Кузьма, подьячий патриаршего двора, молодой, с печальными глазами, покосился на Евфимия, тихо сказал в затылок Аввакуму:

— Не отступайся, протопоп, от старого благочестия. Велик ты будешь человек у Христа, как до конца претерпишь. Не гляди на нас, что всяко ослабели и погибаем.

— Так укрепись и подступи к Господу, — отшепнулся Аввакум.

— Сил нету, опутал меня Никон.

И Евфимий, келарь, шепнул с другого бока:

— В правде ты, протопоп, нечева больше говорить с имя. А ты потужи о нас, бедных.

Подошёл Павел архимандрит, досадно махнул ладонью:

— Сведите без цепей в приказ Сибирский, — распорядился, пряча глаза. — Скользкой он, яко налим, выкрутился покуда из рук наших. Ни пути ему, ни дороги.

Увели Аввакума на дворище Сибирского приказа, заперли в подызбице. И хорошо стало: свету Божьего в оконце довольно, блох и мышей не видно, а лавка с подголовником широкая и рядном прикрыта. Одна докука — стрельцы под окошицем и у дверей топчутся.

Сидел в подызбице день и долгую ночь, а поутру явился дьяк Третьяк Башмак, сопроводил в избу воеводскую, там дал хлеба осьмушку да малый жбанец квасу. Пока Аввакум насыщался, дьяк копошился с бумагами, шуршал свитками грамот, что-то писал, озабочась лицом и покусывая ногти.

Почти незнаком был с ним Аввакум, но Иван Неронов сказывал, мол, Третьяк Башмак — большой человек приказной, хоть и невелик чином. И в вере крепок. И что царь его жалует, да и как не жаловать: одной мягкой рухляди собольей, беличьей и другой всякой в казну кладёт царскую аж до шестисот тысяч рублёв в год. Мотается туда-сюда меж Москвой и Тобольском, вся жизнь в дороге. И в делах-бумагах при главе Приказа Радиона Стрешнева доверительный человек.

Взглянул дьяк на Аввакума, отложил перо, заткнул пробкой чернильницу.

— Присядь-ко, батюшка, к столу, — указал на скамью напротив. — Да прочти, сие тебе знать мочно: это списочек с грамоты Никону от духовного отца нашего с тобой, страдальца протопопа Ивана Неро-нова.

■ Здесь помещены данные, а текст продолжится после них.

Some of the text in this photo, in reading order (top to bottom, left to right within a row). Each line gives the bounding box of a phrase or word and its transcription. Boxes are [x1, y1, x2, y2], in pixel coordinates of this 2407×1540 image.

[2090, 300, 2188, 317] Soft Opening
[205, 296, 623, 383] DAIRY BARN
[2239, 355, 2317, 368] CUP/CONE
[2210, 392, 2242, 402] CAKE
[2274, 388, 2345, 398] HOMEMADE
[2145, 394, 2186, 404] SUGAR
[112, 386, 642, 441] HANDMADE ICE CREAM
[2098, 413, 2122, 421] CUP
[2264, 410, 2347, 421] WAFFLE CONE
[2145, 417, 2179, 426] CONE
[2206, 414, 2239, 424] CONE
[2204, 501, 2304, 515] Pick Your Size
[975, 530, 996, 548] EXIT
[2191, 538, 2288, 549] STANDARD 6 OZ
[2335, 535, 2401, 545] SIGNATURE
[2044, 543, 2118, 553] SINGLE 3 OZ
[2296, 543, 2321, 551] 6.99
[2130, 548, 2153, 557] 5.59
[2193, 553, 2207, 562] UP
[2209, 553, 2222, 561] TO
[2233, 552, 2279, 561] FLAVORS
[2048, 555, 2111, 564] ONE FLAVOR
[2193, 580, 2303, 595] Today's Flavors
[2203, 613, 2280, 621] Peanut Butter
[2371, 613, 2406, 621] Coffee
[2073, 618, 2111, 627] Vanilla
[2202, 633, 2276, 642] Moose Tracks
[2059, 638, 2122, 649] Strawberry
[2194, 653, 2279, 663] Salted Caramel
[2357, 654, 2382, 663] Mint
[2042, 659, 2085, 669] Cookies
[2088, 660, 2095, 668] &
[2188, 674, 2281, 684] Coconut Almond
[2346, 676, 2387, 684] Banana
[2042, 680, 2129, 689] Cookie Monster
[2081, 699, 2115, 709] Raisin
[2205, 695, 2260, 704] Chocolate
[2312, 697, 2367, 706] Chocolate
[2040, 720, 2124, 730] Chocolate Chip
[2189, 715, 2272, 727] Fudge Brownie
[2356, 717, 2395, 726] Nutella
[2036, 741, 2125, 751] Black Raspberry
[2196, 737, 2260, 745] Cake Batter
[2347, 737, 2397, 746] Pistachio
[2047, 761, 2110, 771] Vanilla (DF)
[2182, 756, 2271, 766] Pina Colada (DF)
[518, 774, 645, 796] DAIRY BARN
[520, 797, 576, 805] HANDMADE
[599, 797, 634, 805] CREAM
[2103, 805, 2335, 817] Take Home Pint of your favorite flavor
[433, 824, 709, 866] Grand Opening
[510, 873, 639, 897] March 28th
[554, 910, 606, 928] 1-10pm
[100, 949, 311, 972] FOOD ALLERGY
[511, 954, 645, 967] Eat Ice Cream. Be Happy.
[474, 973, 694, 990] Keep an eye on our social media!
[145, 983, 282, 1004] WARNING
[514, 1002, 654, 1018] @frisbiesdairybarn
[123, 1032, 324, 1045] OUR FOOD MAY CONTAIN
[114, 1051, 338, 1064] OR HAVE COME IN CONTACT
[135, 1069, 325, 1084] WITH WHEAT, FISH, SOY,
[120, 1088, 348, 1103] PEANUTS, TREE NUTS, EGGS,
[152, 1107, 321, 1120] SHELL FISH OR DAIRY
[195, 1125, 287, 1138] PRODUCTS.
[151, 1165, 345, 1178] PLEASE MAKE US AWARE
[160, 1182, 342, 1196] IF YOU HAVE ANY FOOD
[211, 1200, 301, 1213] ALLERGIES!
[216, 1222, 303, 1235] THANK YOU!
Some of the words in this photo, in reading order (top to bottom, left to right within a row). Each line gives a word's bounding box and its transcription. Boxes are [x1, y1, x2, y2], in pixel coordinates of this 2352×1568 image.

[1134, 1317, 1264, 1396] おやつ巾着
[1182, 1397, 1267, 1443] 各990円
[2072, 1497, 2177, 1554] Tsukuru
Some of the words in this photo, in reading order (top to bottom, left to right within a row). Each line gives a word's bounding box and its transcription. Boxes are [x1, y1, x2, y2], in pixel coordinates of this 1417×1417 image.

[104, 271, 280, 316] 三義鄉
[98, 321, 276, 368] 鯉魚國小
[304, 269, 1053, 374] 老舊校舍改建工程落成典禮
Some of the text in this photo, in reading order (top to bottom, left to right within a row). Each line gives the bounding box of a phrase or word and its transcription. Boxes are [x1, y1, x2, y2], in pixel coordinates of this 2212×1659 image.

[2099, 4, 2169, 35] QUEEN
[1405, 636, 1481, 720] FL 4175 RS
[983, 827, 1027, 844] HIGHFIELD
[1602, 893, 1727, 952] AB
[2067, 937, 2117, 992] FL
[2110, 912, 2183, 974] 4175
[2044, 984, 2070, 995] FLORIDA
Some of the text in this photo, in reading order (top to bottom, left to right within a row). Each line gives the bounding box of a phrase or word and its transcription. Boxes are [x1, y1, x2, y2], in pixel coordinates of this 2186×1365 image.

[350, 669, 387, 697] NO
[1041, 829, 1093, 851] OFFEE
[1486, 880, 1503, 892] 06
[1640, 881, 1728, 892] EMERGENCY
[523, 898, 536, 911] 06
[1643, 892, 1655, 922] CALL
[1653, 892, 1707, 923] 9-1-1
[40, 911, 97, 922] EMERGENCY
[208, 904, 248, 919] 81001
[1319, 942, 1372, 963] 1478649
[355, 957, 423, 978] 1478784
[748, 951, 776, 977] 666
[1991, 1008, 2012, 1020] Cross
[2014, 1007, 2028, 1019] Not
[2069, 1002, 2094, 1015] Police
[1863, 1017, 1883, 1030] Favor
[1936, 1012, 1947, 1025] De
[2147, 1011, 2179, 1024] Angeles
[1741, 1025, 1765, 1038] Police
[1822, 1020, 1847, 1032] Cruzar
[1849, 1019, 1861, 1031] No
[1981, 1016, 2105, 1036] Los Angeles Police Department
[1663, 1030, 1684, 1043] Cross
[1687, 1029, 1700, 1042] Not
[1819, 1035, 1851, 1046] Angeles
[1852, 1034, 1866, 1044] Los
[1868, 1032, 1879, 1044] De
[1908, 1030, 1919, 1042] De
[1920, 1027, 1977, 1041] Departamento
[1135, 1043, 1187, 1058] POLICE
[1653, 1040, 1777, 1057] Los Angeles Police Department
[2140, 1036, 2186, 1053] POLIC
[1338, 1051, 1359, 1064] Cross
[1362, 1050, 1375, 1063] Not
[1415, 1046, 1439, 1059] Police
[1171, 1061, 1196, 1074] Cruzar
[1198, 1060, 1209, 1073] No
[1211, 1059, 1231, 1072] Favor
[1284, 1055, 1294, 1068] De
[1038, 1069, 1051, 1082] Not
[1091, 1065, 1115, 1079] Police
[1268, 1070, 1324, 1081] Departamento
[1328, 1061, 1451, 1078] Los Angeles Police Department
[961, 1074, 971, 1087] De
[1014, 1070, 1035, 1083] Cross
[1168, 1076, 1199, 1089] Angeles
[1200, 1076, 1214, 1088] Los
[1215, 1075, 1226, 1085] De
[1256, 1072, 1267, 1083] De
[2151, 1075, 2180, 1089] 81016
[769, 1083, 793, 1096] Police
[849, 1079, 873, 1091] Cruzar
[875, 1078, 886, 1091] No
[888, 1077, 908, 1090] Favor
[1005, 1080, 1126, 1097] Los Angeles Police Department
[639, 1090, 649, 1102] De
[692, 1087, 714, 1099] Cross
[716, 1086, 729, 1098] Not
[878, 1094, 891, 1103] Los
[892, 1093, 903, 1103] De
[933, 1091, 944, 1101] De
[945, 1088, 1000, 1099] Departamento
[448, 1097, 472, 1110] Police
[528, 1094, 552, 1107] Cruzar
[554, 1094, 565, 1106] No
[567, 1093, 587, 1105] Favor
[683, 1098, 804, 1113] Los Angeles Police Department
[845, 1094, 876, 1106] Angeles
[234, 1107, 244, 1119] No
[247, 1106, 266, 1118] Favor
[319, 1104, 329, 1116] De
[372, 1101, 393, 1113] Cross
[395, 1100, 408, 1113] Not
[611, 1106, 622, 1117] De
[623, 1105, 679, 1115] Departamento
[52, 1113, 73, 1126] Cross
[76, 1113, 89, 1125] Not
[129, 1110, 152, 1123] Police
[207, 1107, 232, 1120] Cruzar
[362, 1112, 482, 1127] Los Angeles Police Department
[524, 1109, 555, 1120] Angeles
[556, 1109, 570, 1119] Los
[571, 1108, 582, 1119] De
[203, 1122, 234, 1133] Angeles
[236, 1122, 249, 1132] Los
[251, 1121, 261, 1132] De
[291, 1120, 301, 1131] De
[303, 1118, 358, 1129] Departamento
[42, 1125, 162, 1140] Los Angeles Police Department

Читай без опаски, одни мы, и времени у нас довольно.

— Как она у тебя?

— Есть по приказам добрые люди, ну и вот… А эту из Тайного доставили, вчерась пришла. Я их списываю все, какие попадаются. Твои тож храню: на что-нибудь да сгодятся. Ты читай.

Аввакум присел к столу, взял протянутый листок, прочёл и вновь перечёл отдельные места: «… добро бы тебе, патриарх, подражать кроткому учителю нашему Христу, а не гордостию и мучительством держати сан святительской. Смирен был Спаситель и человеколюбец, а ты зело сердит и злокознивец. Он ноги ученикам омывал водою, а ты ноги те дубиной ломишь, да кнутьём кожу одираешь. Христос тако не творил, как ты, и непошто нам ходить в Перейду мучиться, свой Вавилон в тебе дома нажили. И доколе ты с выблядками ехидниными будешь грызть чрево матери своей церкви? Ох, диавола детки, лучше бы вам не порушать пределов дедовских вечных, как их положиша нам святые наша».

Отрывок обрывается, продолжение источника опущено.